- Task description -
Copy out exactly every line from the line containing "this 2000×1125 image." until the records below end, inclusive of both boundary lines.

- Data extract -
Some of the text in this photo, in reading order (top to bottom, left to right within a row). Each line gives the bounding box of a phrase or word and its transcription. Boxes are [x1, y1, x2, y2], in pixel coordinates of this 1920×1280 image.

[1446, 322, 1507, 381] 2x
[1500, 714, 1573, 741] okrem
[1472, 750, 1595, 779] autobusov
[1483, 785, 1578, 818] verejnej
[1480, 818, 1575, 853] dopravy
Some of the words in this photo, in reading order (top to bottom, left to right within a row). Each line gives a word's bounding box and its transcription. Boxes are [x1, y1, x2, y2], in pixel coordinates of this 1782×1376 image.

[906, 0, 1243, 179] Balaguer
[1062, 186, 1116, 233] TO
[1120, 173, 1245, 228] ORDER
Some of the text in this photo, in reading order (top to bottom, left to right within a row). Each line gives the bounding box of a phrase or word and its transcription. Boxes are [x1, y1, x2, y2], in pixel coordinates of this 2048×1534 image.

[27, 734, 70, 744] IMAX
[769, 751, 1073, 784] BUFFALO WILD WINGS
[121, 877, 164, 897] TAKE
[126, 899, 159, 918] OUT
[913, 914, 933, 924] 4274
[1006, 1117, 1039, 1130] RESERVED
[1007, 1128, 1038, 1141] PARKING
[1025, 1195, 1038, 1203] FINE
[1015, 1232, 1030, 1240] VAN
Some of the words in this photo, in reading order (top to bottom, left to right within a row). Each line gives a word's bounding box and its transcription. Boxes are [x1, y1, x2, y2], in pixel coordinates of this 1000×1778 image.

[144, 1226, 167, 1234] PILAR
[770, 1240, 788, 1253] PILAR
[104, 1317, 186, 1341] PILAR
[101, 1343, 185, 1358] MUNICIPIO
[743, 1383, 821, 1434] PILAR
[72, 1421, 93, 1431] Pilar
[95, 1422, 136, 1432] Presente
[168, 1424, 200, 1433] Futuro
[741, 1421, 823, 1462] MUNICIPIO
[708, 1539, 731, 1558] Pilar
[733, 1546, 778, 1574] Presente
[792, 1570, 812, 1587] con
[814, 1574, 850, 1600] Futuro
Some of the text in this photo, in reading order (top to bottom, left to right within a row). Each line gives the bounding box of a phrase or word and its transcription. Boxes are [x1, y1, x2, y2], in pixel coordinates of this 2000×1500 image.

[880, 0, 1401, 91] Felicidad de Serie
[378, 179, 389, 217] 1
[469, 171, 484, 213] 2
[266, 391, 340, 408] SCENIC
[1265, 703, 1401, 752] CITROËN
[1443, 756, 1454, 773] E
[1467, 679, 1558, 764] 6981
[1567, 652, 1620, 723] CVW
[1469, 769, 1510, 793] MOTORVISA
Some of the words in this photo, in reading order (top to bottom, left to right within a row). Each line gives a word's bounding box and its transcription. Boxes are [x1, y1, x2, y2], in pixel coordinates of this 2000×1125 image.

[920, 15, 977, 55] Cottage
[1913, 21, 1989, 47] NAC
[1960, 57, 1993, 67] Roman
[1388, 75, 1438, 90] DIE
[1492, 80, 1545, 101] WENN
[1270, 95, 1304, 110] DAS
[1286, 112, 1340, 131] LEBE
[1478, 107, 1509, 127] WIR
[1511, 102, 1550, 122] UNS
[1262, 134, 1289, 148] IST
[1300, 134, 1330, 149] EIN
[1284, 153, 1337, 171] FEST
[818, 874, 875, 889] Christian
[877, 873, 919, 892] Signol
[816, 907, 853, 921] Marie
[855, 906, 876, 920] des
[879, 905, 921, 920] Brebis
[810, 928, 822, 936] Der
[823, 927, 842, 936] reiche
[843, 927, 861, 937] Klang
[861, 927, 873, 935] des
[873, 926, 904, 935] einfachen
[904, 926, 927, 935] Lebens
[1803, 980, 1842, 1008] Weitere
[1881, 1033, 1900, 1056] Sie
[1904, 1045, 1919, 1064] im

- Finished exercise -
Some of the words in this photo, in reading order (top to bottom, left to right within a row). Each line gives a word's bounding box and its transcription. Boxes are [x1, y1, x2, y2], in pixel coordinates of this 2000×1125 image.

[920, 15, 977, 55] Cottage
[1913, 21, 1989, 47] NAC
[1960, 57, 1993, 67] Roman
[1388, 75, 1438, 90] DIE
[1492, 80, 1545, 101] WENN
[1270, 95, 1304, 110] DAS
[1286, 112, 1340, 131] LEBE
[1478, 107, 1509, 127] WIR
[1511, 102, 1550, 122] UNS
[1262, 134, 1289, 148] IST
[1300, 134, 1330, 149] EIN
[1284, 153, 1337, 171] FEST
[818, 874, 875, 889] Christian
[877, 873, 919, 892] Signol
[816, 907, 853, 921] Marie
[855, 906, 876, 920] des
[879, 905, 921, 920] Brebis
[810, 928, 822, 936] Der
[823, 927, 842, 936] reiche
[843, 927, 861, 937] Klang
[861, 927, 873, 935] des
[873, 926, 904, 935] einfachen
[904, 926, 927, 935] Lebens
[1803, 980, 1842, 1008] Weitere
[1881, 1033, 1900, 1056] Sie
[1904, 1045, 1919, 1064] im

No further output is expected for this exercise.